Cologne Bonn Airport has two passenger terminals which are located directly beside each other.

===Terminal 1===
The older Terminal 1 is a 1970s building that sports large surfaces of bare concrete in its design. It features a u-shaped main building with shops, restaurants, check-in and service facilities and a visitors deck on its roof as well as the star-shaped piers B and C with five aircraft stands each plus a central airside hall between them added in 2004 with joint security-check facilities, more shops and restaurants as well as three additional stands. All ten stands at both piers feature jet bridges while the other three use walk-boarding. Also several bus-boarding stands are available at the apron. Terminal 1 is used by Eurowings, which occupy most of the landside check-in facilities, Lufthansa and Austrian Airlines. Terminal 1 features its own direct connection to the railway station.

===Terminal 2===
Construction of Terminal 2 began in June 1997, and operations at the terminal commenced on 21 June 2000. It is located to the north of Terminal 1. Both feature separate check-in facilities but are connected through a landside walkway. Terminal 2 is a modern-style rectangular building made out of glass and steel which is equipped with eight stands with jet bridges as well as several stands for bus-boarding. It is used by several airlines such as Ryanair. Terminal 2 is also directly connected to the airports' railway station via the basement level. The terminal hosts an interdenominational prayer room on its base level.
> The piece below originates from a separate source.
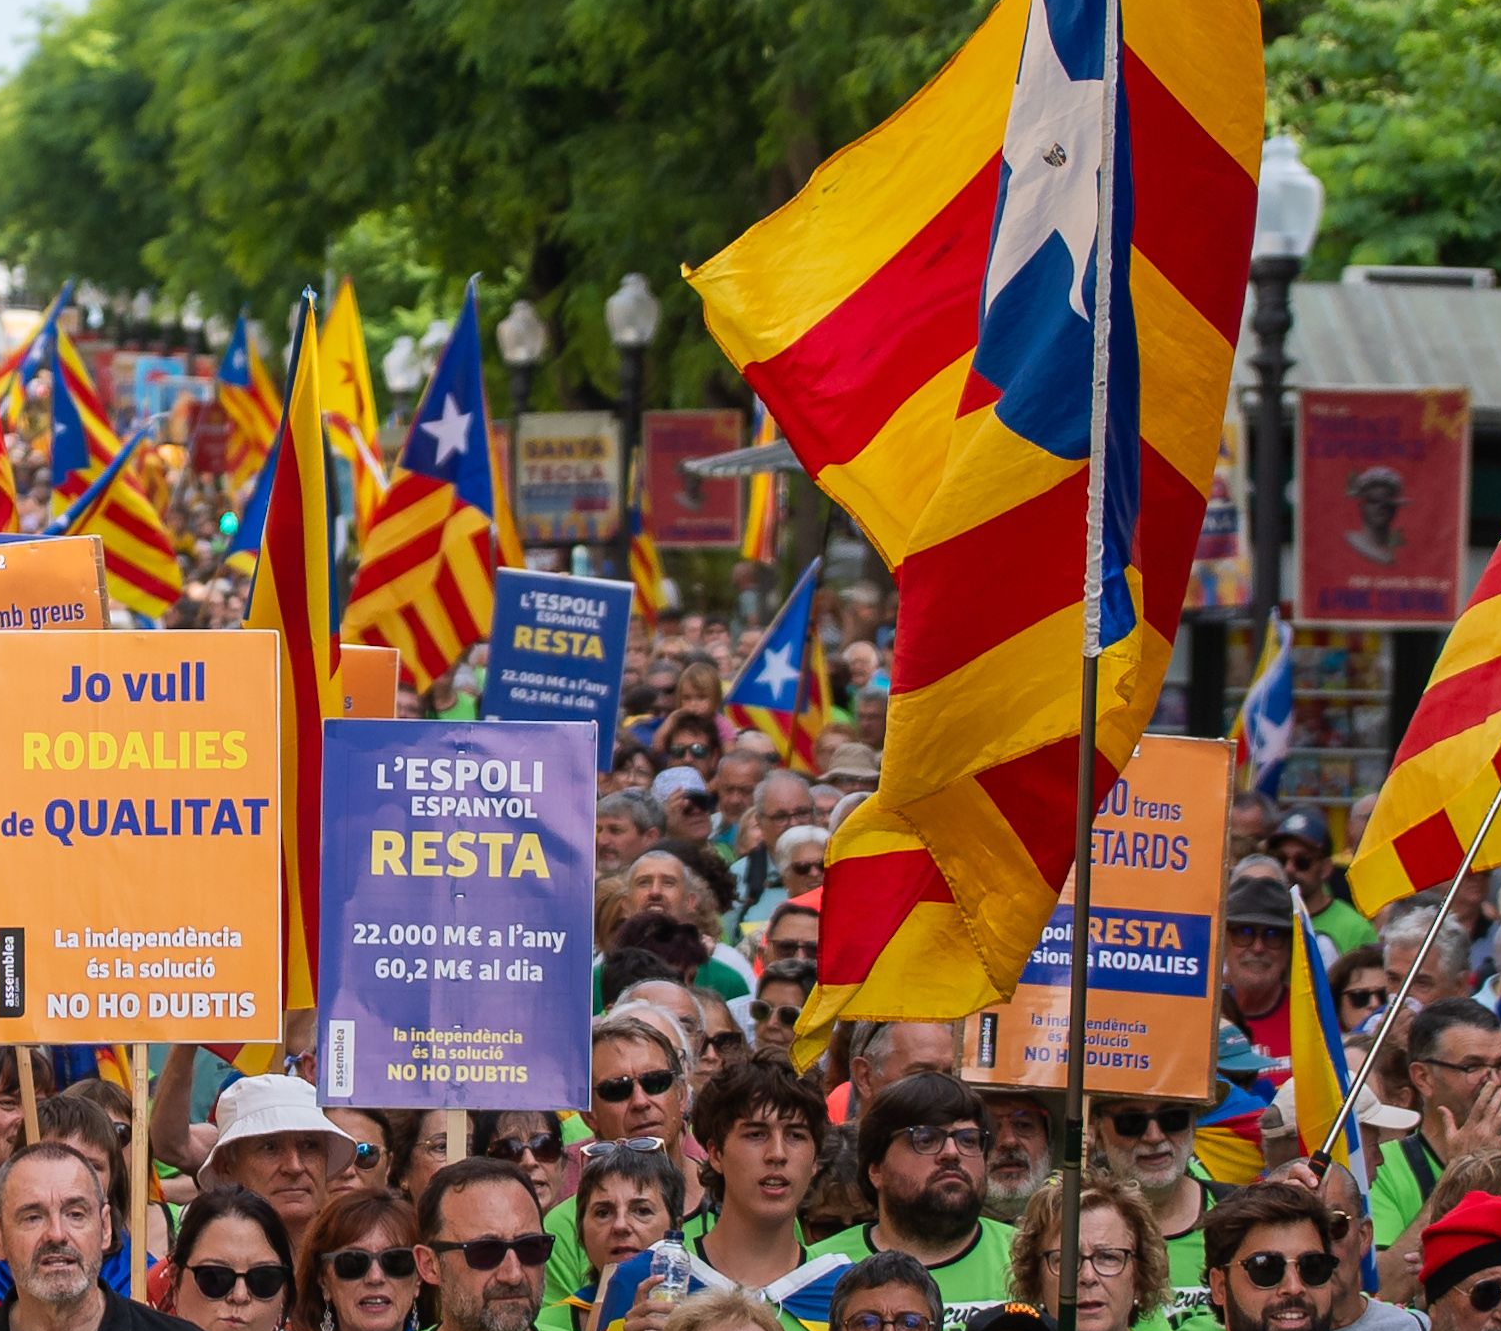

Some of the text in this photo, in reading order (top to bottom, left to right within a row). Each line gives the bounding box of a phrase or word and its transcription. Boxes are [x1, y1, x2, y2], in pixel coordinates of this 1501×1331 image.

==Airlines and destinations==
=== Passenger ===

The following airlines offer regular scheduled and charter flights at Cologne Bonn Airport:

| Airlines | Destinations |
|---|---|
| Aegean Airlines | Seasonal: Thessaloniki |
| Air Arabia | Nador, Tangier |
| Air Cairo | Cairo, Hurghada |
| Air Mediterranean | Athens |
| Air Serbia | Niš |
| AJet | Antalya, Istanbul–Sabiha Gökçen Seasonal: Ankara, Sivas |
| Austrian Airlines | Vienna |
| Condor | Seasonal: Palma de Mallorca |
| Corendon Airlines | Antalya, Gran Canaria, Hurghada, Lanzarote, Marsa Alam (begins 5 November 2026), Tenerife–South, Zonguldak Seasonal: Adana/Mersin, Ankara, Fuerteventura, Gazipaşa, Izmir, Kayseri, Nador, Rhodes, Tangier |
| Electra Airways | Seasonal: Burgas, Varna |
| Eurowings | Athens, Barcelona, Berlin, Bologna, Budapest, Catania, Chișinău, Dubai–Al Maktoum, Funchal, Gran Canaria, Hamburg, Jeddah, Lanzarote, Larnaca, Lisbon, London–Gatwick, Milan–Malpensa, Munich, Nador, Palma de Mallorca, Porto, Rome–Fiumicino, Sarajevo, Split, Thessaloniki, Tunis, Vienna, Zagreb, Zürich Seasonal: Alicante, Antalya, Bari, Bastia, Belgrade, Brindisi, Burgas, Corfu, Dubrovnik, Edinburgh, Erbil, Faro, Fuerteventura, Heraklion, Hurghada, Ibiza, Izmir, Kavala, Kayseri, Klagenfurt, Kos, Lamezia Terme, Málaga, Marsa Alam, Menorca, Naples, Nice, Olbia, Palermo, Pisa, Prague, Pula, Rhodes, Rijeka, Santorini, Stockholm–Arlanda, Tangier, Tenerife–South, Tirana, Varna, Venice, Verona, Yerevan, Zadar |
| FlyErbil | Erbil |
| FlyOne Armenia | Yerevan |
| Freebird Airlines | Antalya |
| Jet2.com | Seasonal: Birmingham, Bristol (begins 27 November 2026), Leeds/Bradford, London–Gatwick (begins 26 November 2026), Manchester, Newcastle upon Tyne |
| LEAV Aviation | Aleppo, Deir ez-Zor (begins 1 September 2026) Seasonal: Antalya (begins 4 October 2026), Heraklion, Kos, Malta, Palma de Mallorca, Rhodes |
| Lufthansa | Munich |
| Lufthansa City Airlines | Munich |
| Marabu | Fuerteventura, Hurghada, Tenerife–South |
| Nile Air | Cairo |
| Pegasus Airlines | Ankara, Diyarbakır, Gaziantep, Istanbul–Sabiha Gökçen Seasonal: Adana/Mersin, Antalya, Bodrum, Elazığ, Izmir |
| Ryanair | Agadir, Alicante, Barcelona, Bergamo, Bologna, Dublin, Faro, Fuerteventura, Gran Canaria, Kaunas, Lanzarote, Lisbon, London–Stansted, Málaga, Malta, Manchester, Marrakesh, Palermo, Palma de Mallorca, Paphos, Porto, Riga, Seville, Sofia, Stockholm–Arlanda, Tenerife–South, Valencia, Vienna Seasonal: Athens, Corfu, Knock, Rimini, Zadar |
| Smartwings | Seasonal charter: Abu Dhabi |
| SunExpress | Antalya, Izmir Seasonal: Adana/Mersin, Ankara, Dalaman, Elazığ, Kayseri, Samsun, Trabzon |
| Turkish Airlines | Istanbul |
| Wizz Air | Bucharest–Otopeni, Chisinau, Podgorica, Skopje, Tirana, Tuzla |

===Cargo===

Cologne Bonn Airport is a hub for FedEx Express and UPS Airlines, which operates 140 flights per week at the airport alone.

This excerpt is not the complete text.